Lack of communication is also an age-old issue. However, this is more complicated: Remember, POGO doesn’t have guilds or chat, much less official forums or a Discord. It relies heavily on fan communities and social media, but that’s not exactly a problem. As some people may have noticed, the Pokemon GO community often has full visuals and breakdowns moments after major announcements, often before major gaming websites post the news. This is because Niantic treats press and content creators differently. Content creators already had Niantic’s ear. They receive information before press for most things aside from some major events, like E3 or the Go Beyond game update reveal. Requests for media interviews – from multiple sites I’ve worked for – never went anywhere.
In other words, Niantic doesn’t have a great track record for working with the press or players, and this announcement makes it appear that Niantic is essentially going to increase engagement with content creators, not with fans or anyone else. Note how many players couldn’t name the former Community Manager, much less who’s in charge since she left the company in August 2021. This is problematic as you may belong to a very large subreddit or Discord while not interacting with streamers, and therefore you’re being ignored.
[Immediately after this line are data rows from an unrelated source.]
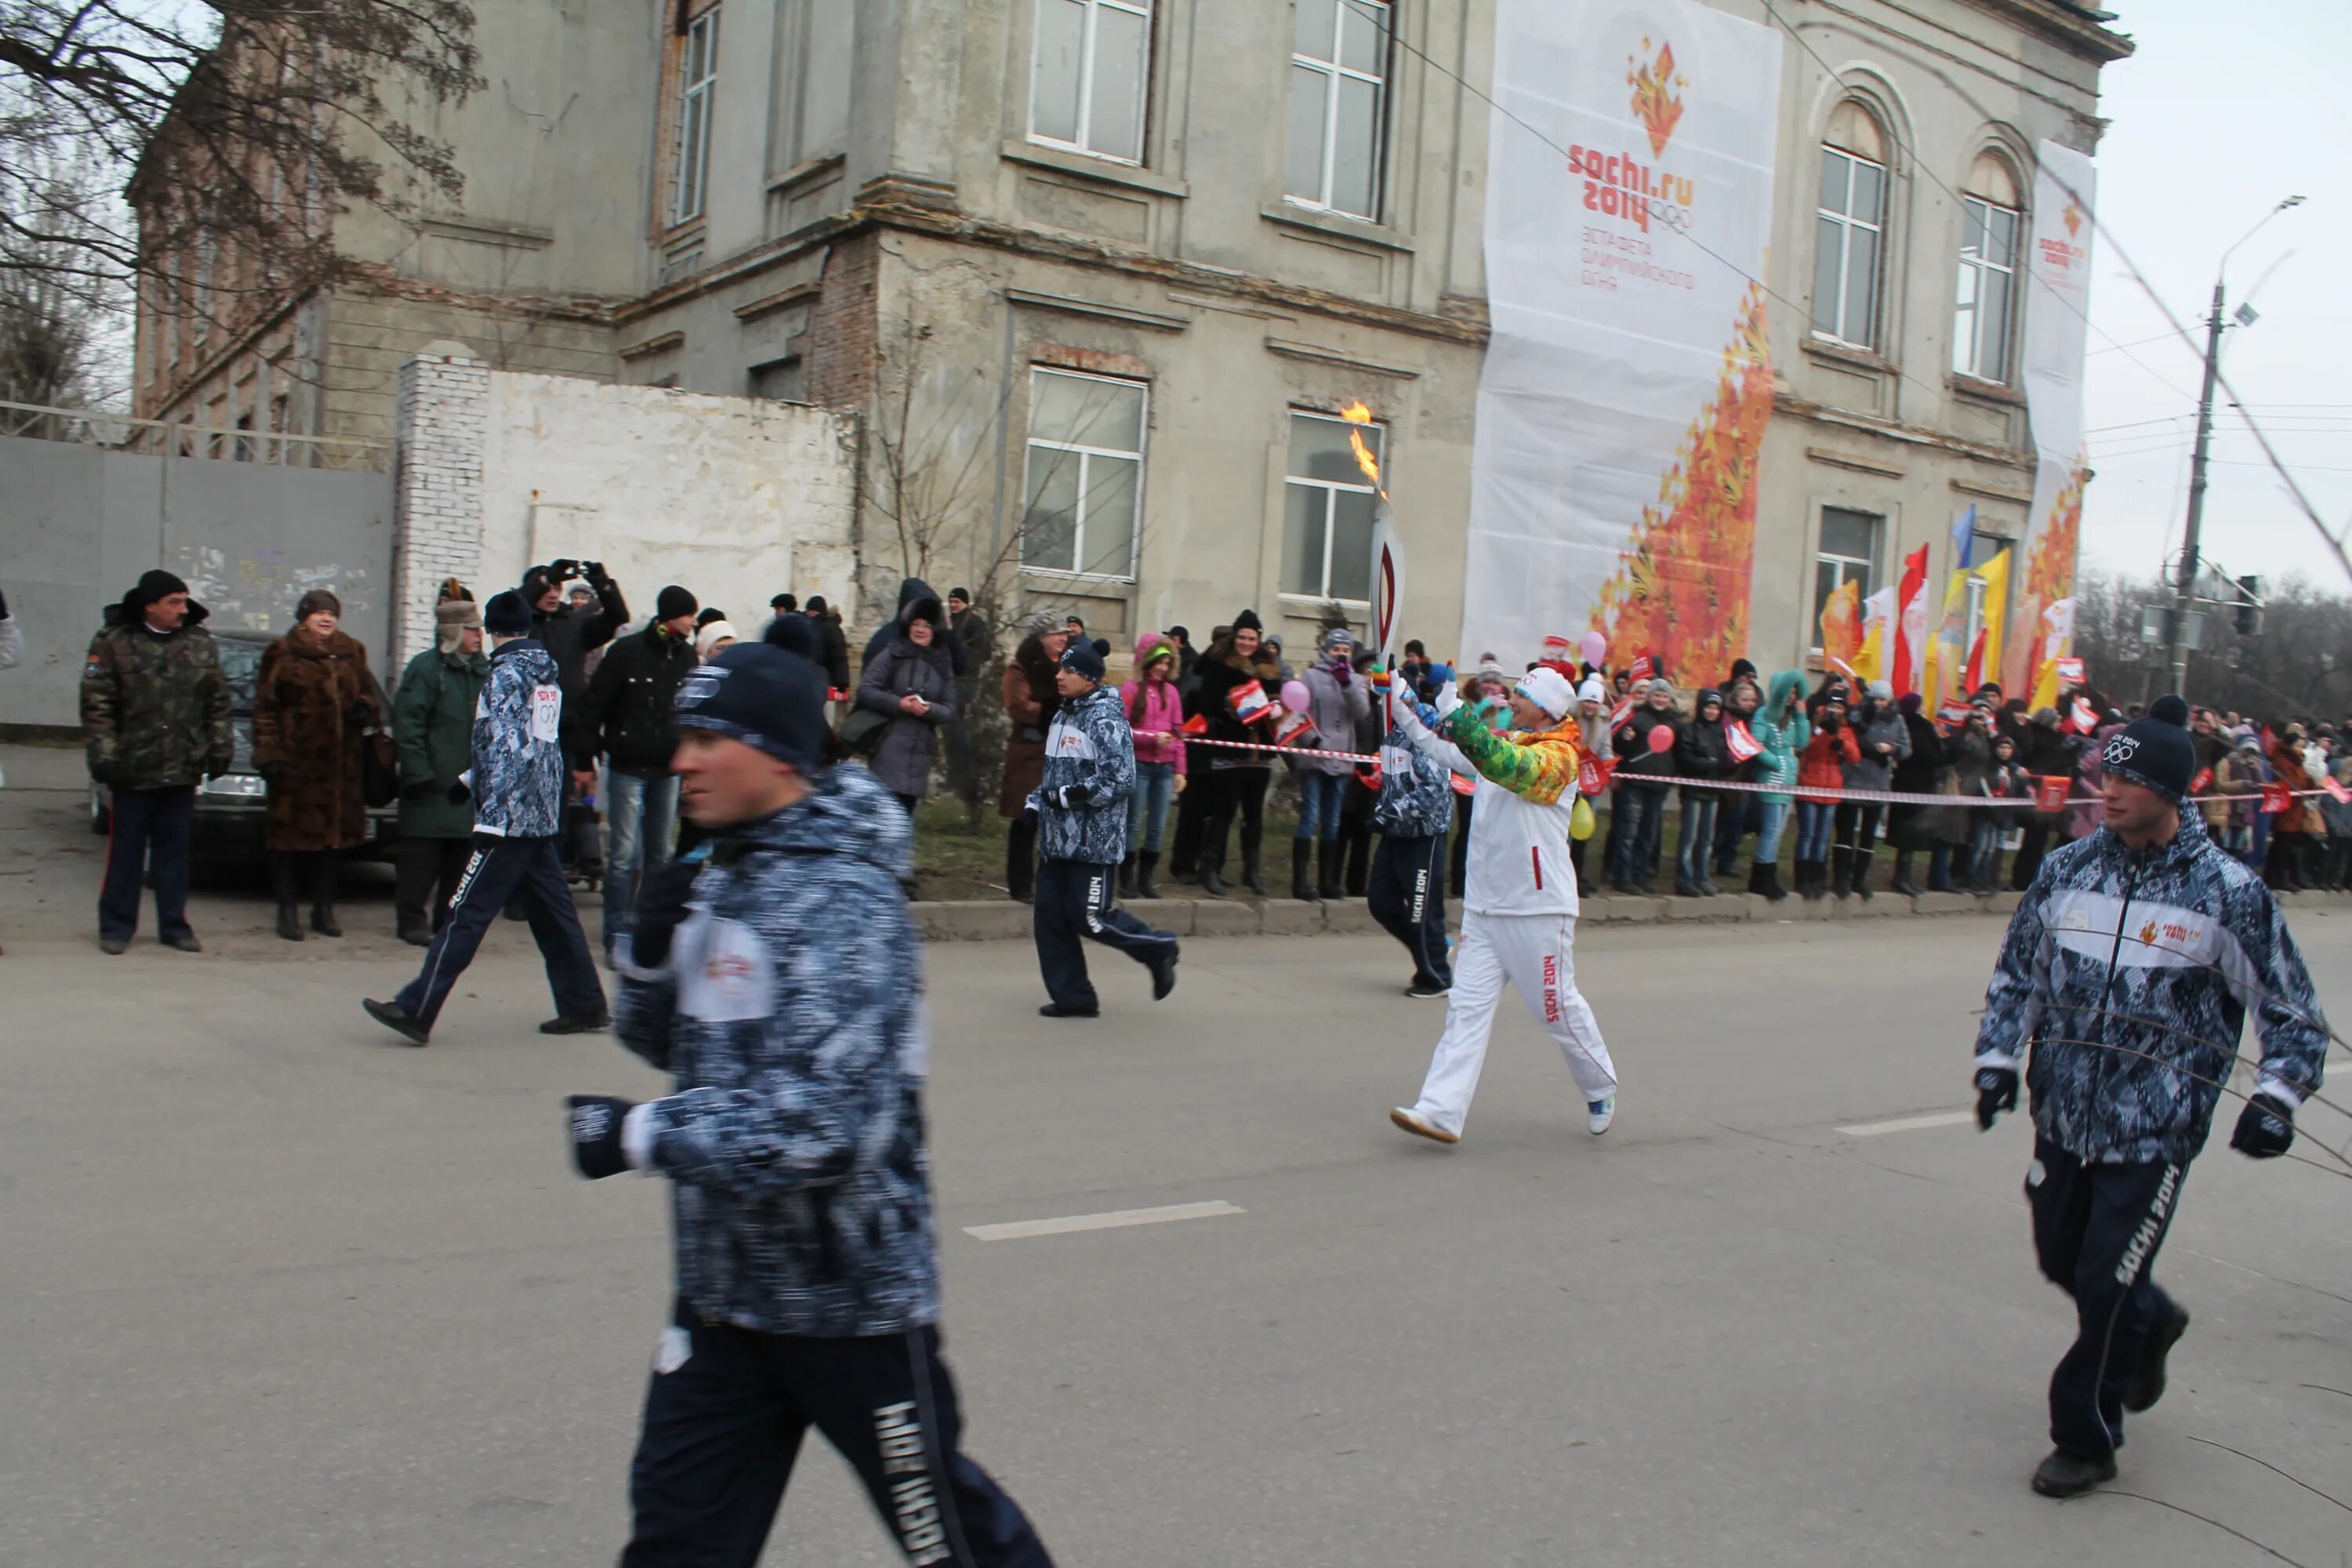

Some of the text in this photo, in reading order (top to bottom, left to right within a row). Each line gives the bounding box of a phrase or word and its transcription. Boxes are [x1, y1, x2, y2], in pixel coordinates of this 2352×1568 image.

[1568, 144, 1693, 206] sochi.ru
[1583, 180, 1650, 234] 2014
[2122, 735, 2140, 749] 2014
[1415, 869, 1428, 893] 2014
[1544, 955, 1559, 1023] SOCHI 2014
[2114, 1163, 2180, 1287] SOCHI 2014
For example, ZoëTwoDots, one of the main people who pushed #HearUsNiantic on Twitter, has about 215,000 followers. Brandon Tan, another big name, has about 500,000 followers. I don’t engage with either of them or many other POGO personalities outside of coverage, but I am quite active on The Silph Road, which has about 702,000 followers. The TSR community has been responsible for a lot of dissemination of the game and bug testing. Yes, various communities use TSR’s data, but that’s for their own communities, and TSR members have already questioned this decision. And yet, it’s possible that because TSR was not part of the movement, our voices there may not be heard going forward.
In many ways, one might argue that the influencers and creators act as mini-CMs, though the harder-to-control type that could potentially turn on a game if they feel they’re strong enough to quit and keep the bulk of their audience. They are not exactly seen as objective, though, as they do sign NDAs that of course the press generally do not. While we haven’t seen these NDAs ourselves, other companies do have stipulations against what the signer can say in terms of potentially harming the brand name.
While content creators may have led the charge on the most recent issues, we’ve also seen them fail to notice copy errors and fail to publicly question design choices in ways regular fans and press do. Content creators are essentially unpaid marketing, but they have their own communities to look out for. If there’s a Global Communications Manager helping with this, it may be better for the whole community, especially if the new one is allowed to do the job and isn’t tasked with additional work beyond the scope of that job (as the previous one was).
We’ve reached out to PR about who the new CM is and whether or not interviews may be possible, and we’ll of course update this piece should we learn anything new. Until then, we look forward to those promised monthly dev note updates and hope that Niantic’s actions are reflected in its words and deeds, while bearing in mind that history tells us to keep our wild hopes in check.